──────── Records

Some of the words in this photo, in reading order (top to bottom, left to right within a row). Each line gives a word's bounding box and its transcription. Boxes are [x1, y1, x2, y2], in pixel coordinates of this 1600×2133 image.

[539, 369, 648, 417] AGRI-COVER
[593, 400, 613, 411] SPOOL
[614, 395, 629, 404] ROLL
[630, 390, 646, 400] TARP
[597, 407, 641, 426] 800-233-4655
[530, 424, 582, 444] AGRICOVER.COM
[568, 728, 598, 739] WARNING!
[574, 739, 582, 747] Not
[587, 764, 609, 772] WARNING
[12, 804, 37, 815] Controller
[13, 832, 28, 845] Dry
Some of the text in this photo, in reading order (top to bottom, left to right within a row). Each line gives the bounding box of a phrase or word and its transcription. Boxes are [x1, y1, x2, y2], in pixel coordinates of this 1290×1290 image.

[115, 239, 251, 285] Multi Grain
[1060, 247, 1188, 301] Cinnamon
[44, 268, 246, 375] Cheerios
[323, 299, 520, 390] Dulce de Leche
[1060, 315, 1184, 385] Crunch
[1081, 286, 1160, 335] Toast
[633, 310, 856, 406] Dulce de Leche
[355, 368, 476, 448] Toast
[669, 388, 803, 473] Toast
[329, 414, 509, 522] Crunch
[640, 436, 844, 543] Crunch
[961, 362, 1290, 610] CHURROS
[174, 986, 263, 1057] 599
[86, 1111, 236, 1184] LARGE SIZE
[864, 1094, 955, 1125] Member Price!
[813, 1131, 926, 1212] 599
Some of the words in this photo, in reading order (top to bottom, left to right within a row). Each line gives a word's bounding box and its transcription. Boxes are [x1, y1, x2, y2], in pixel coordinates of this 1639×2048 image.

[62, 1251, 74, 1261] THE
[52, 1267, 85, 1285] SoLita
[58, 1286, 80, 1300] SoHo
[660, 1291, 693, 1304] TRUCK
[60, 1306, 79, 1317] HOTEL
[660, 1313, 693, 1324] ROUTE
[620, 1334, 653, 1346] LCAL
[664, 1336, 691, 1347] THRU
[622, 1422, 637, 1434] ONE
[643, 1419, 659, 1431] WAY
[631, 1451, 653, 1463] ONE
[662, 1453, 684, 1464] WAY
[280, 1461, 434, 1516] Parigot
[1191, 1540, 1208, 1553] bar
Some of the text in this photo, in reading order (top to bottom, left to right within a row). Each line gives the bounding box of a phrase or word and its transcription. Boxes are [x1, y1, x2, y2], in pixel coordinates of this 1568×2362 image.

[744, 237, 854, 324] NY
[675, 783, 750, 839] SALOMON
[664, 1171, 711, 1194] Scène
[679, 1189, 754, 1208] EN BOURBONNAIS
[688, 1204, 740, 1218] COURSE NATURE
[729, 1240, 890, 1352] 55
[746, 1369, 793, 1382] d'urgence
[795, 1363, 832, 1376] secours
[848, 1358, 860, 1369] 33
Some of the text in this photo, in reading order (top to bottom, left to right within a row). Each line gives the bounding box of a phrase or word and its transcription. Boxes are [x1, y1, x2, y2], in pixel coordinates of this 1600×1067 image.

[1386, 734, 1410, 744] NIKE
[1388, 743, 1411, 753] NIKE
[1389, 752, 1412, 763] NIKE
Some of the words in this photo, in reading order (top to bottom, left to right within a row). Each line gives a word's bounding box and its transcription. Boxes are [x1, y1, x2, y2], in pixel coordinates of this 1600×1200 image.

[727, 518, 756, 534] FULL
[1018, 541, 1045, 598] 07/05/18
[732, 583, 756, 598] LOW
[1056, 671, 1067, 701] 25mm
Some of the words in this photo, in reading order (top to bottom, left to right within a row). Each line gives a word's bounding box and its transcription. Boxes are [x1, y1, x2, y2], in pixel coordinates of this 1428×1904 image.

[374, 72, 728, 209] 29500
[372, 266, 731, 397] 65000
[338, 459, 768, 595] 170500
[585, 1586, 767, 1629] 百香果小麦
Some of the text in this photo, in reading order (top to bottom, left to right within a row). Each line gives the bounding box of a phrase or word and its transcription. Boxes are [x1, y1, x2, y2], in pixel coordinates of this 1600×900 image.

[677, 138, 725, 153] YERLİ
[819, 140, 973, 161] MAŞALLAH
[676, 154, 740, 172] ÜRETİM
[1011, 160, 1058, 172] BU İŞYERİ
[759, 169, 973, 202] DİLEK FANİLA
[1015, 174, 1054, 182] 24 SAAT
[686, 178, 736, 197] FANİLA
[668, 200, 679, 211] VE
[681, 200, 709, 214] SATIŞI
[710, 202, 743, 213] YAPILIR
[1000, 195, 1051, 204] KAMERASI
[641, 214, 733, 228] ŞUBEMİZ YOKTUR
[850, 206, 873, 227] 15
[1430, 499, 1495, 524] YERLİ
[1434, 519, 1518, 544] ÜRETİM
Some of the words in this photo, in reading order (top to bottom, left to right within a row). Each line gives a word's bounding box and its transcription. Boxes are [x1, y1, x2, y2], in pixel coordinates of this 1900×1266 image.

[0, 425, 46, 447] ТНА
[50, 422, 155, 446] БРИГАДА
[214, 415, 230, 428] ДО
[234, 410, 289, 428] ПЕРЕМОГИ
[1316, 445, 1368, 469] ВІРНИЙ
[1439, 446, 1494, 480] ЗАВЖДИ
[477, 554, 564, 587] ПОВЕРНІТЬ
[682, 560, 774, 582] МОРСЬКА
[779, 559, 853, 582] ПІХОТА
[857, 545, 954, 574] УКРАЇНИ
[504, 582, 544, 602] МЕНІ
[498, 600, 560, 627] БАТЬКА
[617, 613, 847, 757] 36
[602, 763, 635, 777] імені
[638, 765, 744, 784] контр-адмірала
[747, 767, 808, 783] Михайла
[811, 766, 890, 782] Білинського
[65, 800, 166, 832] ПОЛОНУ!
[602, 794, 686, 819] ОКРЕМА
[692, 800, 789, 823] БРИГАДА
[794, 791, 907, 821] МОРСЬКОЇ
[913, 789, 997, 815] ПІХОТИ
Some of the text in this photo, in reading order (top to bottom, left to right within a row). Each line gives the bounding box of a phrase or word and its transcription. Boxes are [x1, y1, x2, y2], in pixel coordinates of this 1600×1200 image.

────────────────

All of the records above should be given again exactly as written.

• [Solved exercise]
Some of the words in this photo, in reading order (top to bottom, left to right within a row). Each line gives a word's bounding box and its transcription. Boxes are [x1, y1, x2, y2], in pixel coordinates of this 1600×2133 image.

[539, 369, 648, 417] AGRI-COVER
[593, 400, 613, 411] SPOOL
[614, 395, 629, 404] ROLL
[630, 390, 646, 400] TARP
[597, 407, 641, 426] 800-233-4655
[530, 424, 582, 444] AGRICOVER.COM
[568, 728, 598, 739] WARNING!
[574, 739, 582, 747] Not
[587, 764, 609, 772] WARNING
[12, 804, 37, 815] Controller
[13, 832, 28, 845] Dry
Some of the text in this photo, in reading order (top to bottom, left to right within a row). Each line gives the bounding box of a phrase or word and its transcription. Boxes are [x1, y1, x2, y2], in pixel coordinates of this 1290×1290 image.

[115, 239, 251, 285] Multi Grain
[1060, 247, 1188, 301] Cinnamon
[44, 268, 246, 375] Cheerios
[323, 299, 520, 390] Dulce de Leche
[1060, 315, 1184, 385] Crunch
[1081, 286, 1160, 335] Toast
[633, 310, 856, 406] Dulce de Leche
[355, 368, 476, 448] Toast
[669, 388, 803, 473] Toast
[329, 414, 509, 522] Crunch
[640, 436, 844, 543] Crunch
[961, 362, 1290, 610] CHURROS
[174, 986, 263, 1057] 599
[86, 1111, 236, 1184] LARGE SIZE
[864, 1094, 955, 1125] Member Price!
[813, 1131, 926, 1212] 599
Some of the words in this photo, in reading order (top to bottom, left to right within a row). Each line gives a word's bounding box and its transcription. Boxes are [x1, y1, x2, y2], in pixel coordinates of this 1639×2048 image.

[62, 1251, 74, 1261] THE
[52, 1267, 85, 1285] SoLita
[58, 1286, 80, 1300] SoHo
[660, 1291, 693, 1304] TRUCK
[60, 1306, 79, 1317] HOTEL
[660, 1313, 693, 1324] ROUTE
[620, 1334, 653, 1346] LCAL
[664, 1336, 691, 1347] THRU
[622, 1422, 637, 1434] ONE
[643, 1419, 659, 1431] WAY
[631, 1451, 653, 1463] ONE
[662, 1453, 684, 1464] WAY
[280, 1461, 434, 1516] Parigot
[1191, 1540, 1208, 1553] bar
Some of the text in this photo, in reading order (top to bottom, left to right within a row). Each line gives the bounding box of a phrase or word and its transcription. Boxes are [x1, y1, x2, y2], in pixel coordinates of this 1568×2362 image.

[744, 237, 854, 324] NY
[675, 783, 750, 839] SALOMON
[664, 1171, 711, 1194] Scène
[679, 1189, 754, 1208] EN BOURBONNAIS
[688, 1204, 740, 1218] COURSE NATURE
[729, 1240, 890, 1352] 55
[746, 1369, 793, 1382] d'urgence
[795, 1363, 832, 1376] secours
[848, 1358, 860, 1369] 33
Some of the text in this photo, in reading order (top to bottom, left to right within a row). Each line gives the bounding box of a phrase or word and its transcription. Boxes are [x1, y1, x2, y2], in pixel coordinates of this 1600×1067 image.

[1386, 734, 1410, 744] NIKE
[1388, 743, 1411, 753] NIKE
[1389, 752, 1412, 763] NIKE
Some of the words in this photo, in reading order (top to bottom, left to right within a row). Each line gives a word's bounding box and its transcription. Boxes are [x1, y1, x2, y2], in pixel coordinates of this 1600×1200 image.

[727, 518, 756, 534] FULL
[1018, 541, 1045, 598] 07/05/18
[732, 583, 756, 598] LOW
[1056, 671, 1067, 701] 25mm
Some of the words in this photo, in reading order (top to bottom, left to right within a row). Each line gives a word's bounding box and its transcription. Boxes are [x1, y1, x2, y2], in pixel coordinates of this 1428×1904 image.

[374, 72, 728, 209] 29500
[372, 266, 731, 397] 65000
[338, 459, 768, 595] 170500
[585, 1586, 767, 1629] 百香果小麦
Some of the text in this photo, in reading order (top to bottom, left to right within a row). Each line gives the bounding box of a phrase or word and its transcription. Boxes are [x1, y1, x2, y2], in pixel coordinates of this 1600×900 image.

[677, 138, 725, 153] YERLİ
[819, 140, 973, 161] MAŞALLAH
[676, 154, 740, 172] ÜRETİM
[1011, 160, 1058, 172] BU İŞYERİ
[759, 169, 973, 202] DİLEK FANİLA
[1015, 174, 1054, 182] 24 SAAT
[686, 178, 736, 197] FANİLA
[668, 200, 679, 211] VE
[681, 200, 709, 214] SATIŞI
[710, 202, 743, 213] YAPILIR
[1000, 195, 1051, 204] KAMERASI
[641, 214, 733, 228] ŞUBEMİZ YOKTUR
[850, 206, 873, 227] 15
[1430, 499, 1495, 524] YERLİ
[1434, 519, 1518, 544] ÜRETİM
Some of the words in this photo, in reading order (top to bottom, left to right within a row). Each line gives a word's bounding box and its transcription. Boxes are [x1, y1, x2, y2], in pixel coordinates of this 1900×1266 image.

[0, 425, 46, 447] ТНА
[50, 422, 155, 446] БРИГАДА
[214, 415, 230, 428] ДО
[234, 410, 289, 428] ПЕРЕМОГИ
[1316, 445, 1368, 469] ВІРНИЙ
[1439, 446, 1494, 480] ЗАВЖДИ
[477, 554, 564, 587] ПОВЕРНІТЬ
[682, 560, 774, 582] МОРСЬКА
[779, 559, 853, 582] ПІХОТА
[857, 545, 954, 574] УКРАЇНИ
[504, 582, 544, 602] МЕНІ
[498, 600, 560, 627] БАТЬКА
[617, 613, 847, 757] 36
[602, 763, 635, 777] імені
[638, 765, 744, 784] контр-адмірала
[747, 767, 808, 783] Михайла
[811, 766, 890, 782] Білинського
[65, 800, 166, 832] ПОЛОНУ!
[602, 794, 686, 819] ОКРЕМА
[692, 800, 789, 823] БРИГАДА
[794, 791, 907, 821] МОРСЬКОЇ
[913, 789, 997, 815] ПІХОТИ
Some of the text in this photo, in reading order (top to bottom, left to right within a row). Each line gives the bounding box of a phrase or word and its transcription. Boxes are [x1, y1, x2, y2], in pixel coordinates of this 1600×1200 image.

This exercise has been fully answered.